O desafio é encontrar o equilíbrio. Acredito que a alimentação infantil não deve ser motivo de stresse ou culpa, mas sim de educação e prazer. No meu projeto Gente de Palmo e Meio, defendo que é possível criar crianças saudáveis sem cair no extremismo, porque, no fundo, o objetivo é que a relação delas com a comida seja leve, positiva e sustentável a longo prazo. É sobre educar, não sobre impor.

Todo o autor ao escrever um livro traz um propósito. No caso da Ana Rita Sousa, qual é a principal mensagem subjacente ao seu livro? Logo a abrir a obra enuncia três princípios que norteiam a sua visão sobre a alimentação pediátrica.

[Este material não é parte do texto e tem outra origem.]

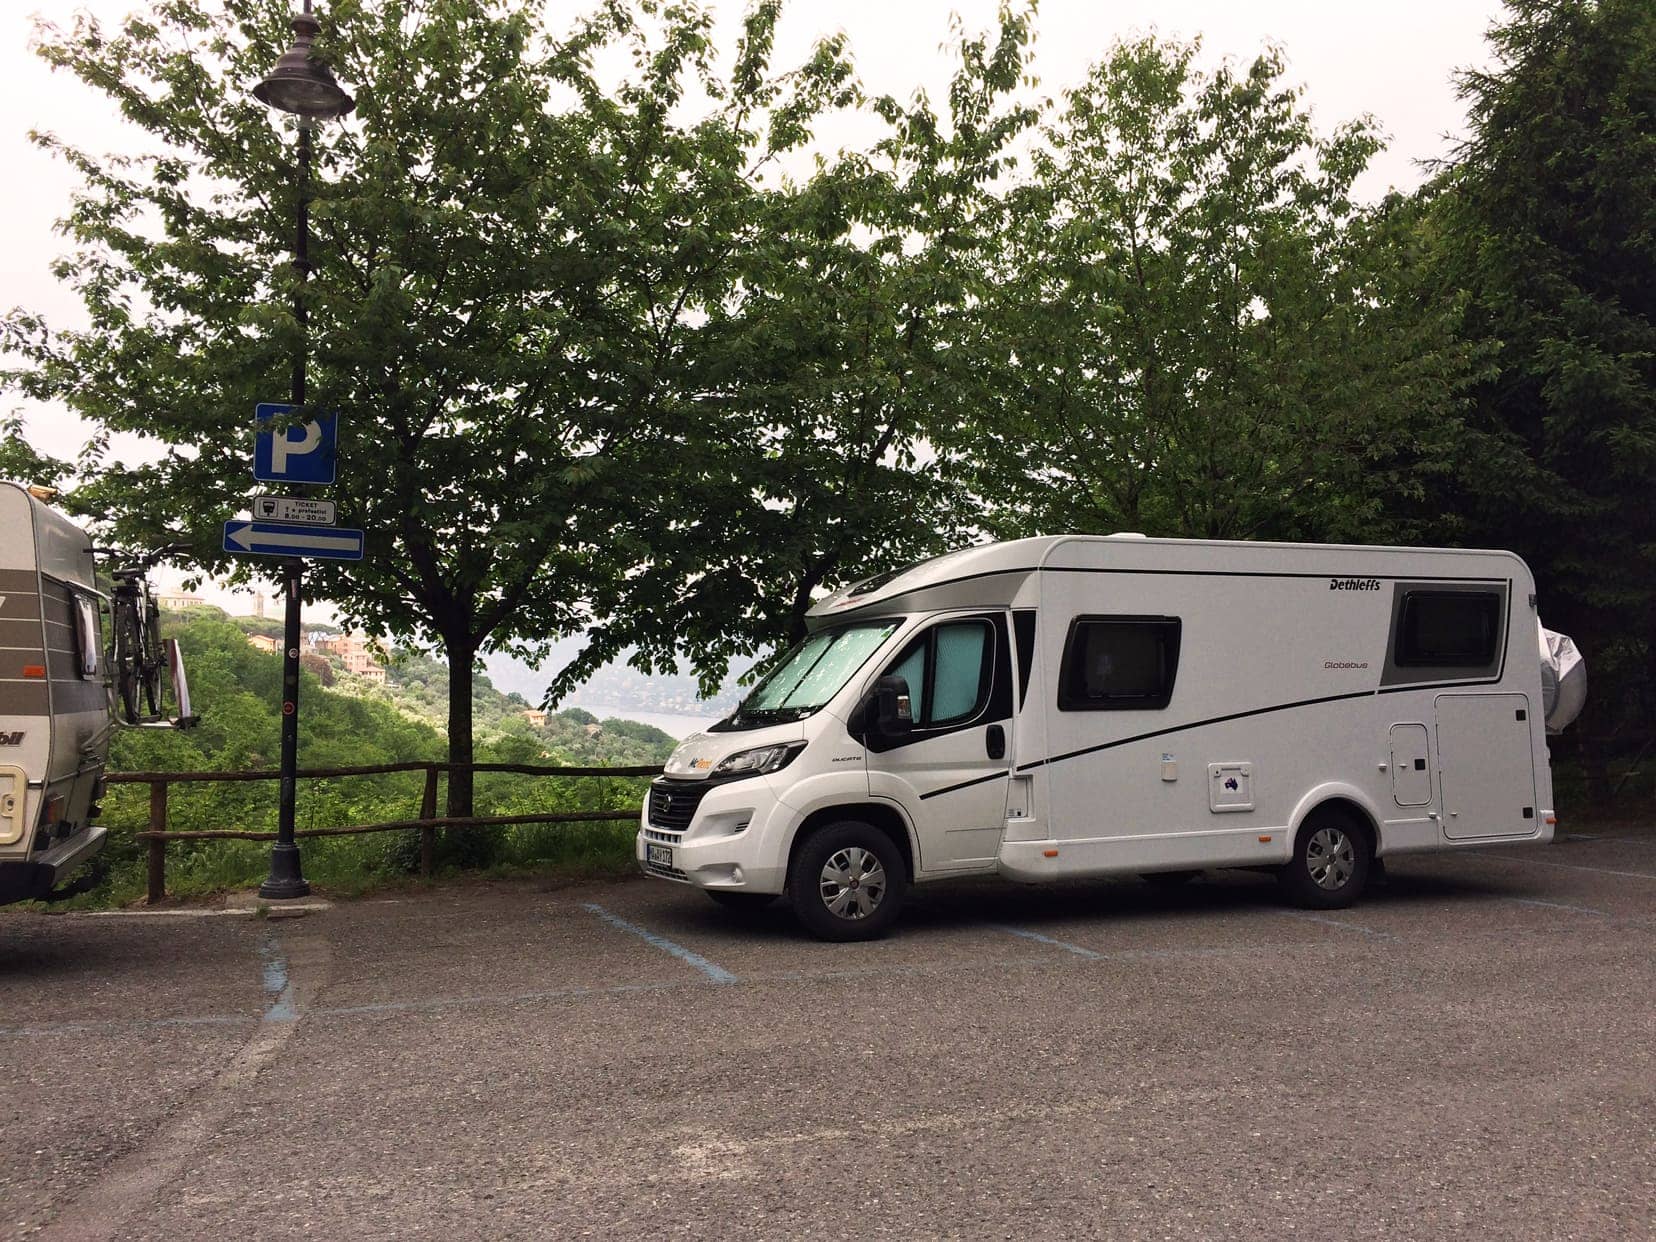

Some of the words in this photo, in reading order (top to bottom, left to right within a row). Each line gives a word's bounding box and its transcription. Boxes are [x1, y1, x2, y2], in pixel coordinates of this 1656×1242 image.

[271, 418, 321, 473] P
[1329, 579, 1380, 591] Dethleffs
[1324, 661, 1368, 669] Globebus

A principal mensagem que quero passar com o meu livro é que a alimentação infantil pode, e deve, ser simples, prática e descomplicada, mas sem perder de vista a saúde e as novas recomendações validadas pela ciência. O meu propósito com o livro é ajudar famílias a construírem hábitos alimentares positivos e sustentáveis, que respeitem as necessidades da criança e as realidades do dia a dia.

Os três princípios que apresento logo no início refletem esta visão. O primeiro objetivo passa por olhar para a alimentação com tranquilidade. Ou seja, alimentar os nossos filhos não deve ser motivo de stresse. Quando abordamos o tema com calma, transmitimos confiança às crianças. Depois, há que manter uma rotina. A consistência é essencial para criar hábitos alimentares saudáveis. Ter horários e padrões claros dá segurança às crianças e facilita o dia a dia das famílias. Por fim, defendo que a família deve comer toda ao mesmo tempo. Isto fortalece os laços, reduz conflitos e ensina as crianças a explorarem os mesmos sabores e texturas. Estes princípios são simples, mas importantes. Formam a base para uma relação saudável e duradoura com a comida, tanto para as crianças quanto para as suas famílias.

Alimentação infantil
Alimentação infantil créditos: Unsplash/George Dagerotip

Mais informação pode, em certas situações, trazer menos esclarecimento. Hoje, vivemos submersos em informação. Considera que mensagens muitas vezes contraditórias podem estar a criar stresse e ansiedade nos pais face à alimentação dos seus filhos?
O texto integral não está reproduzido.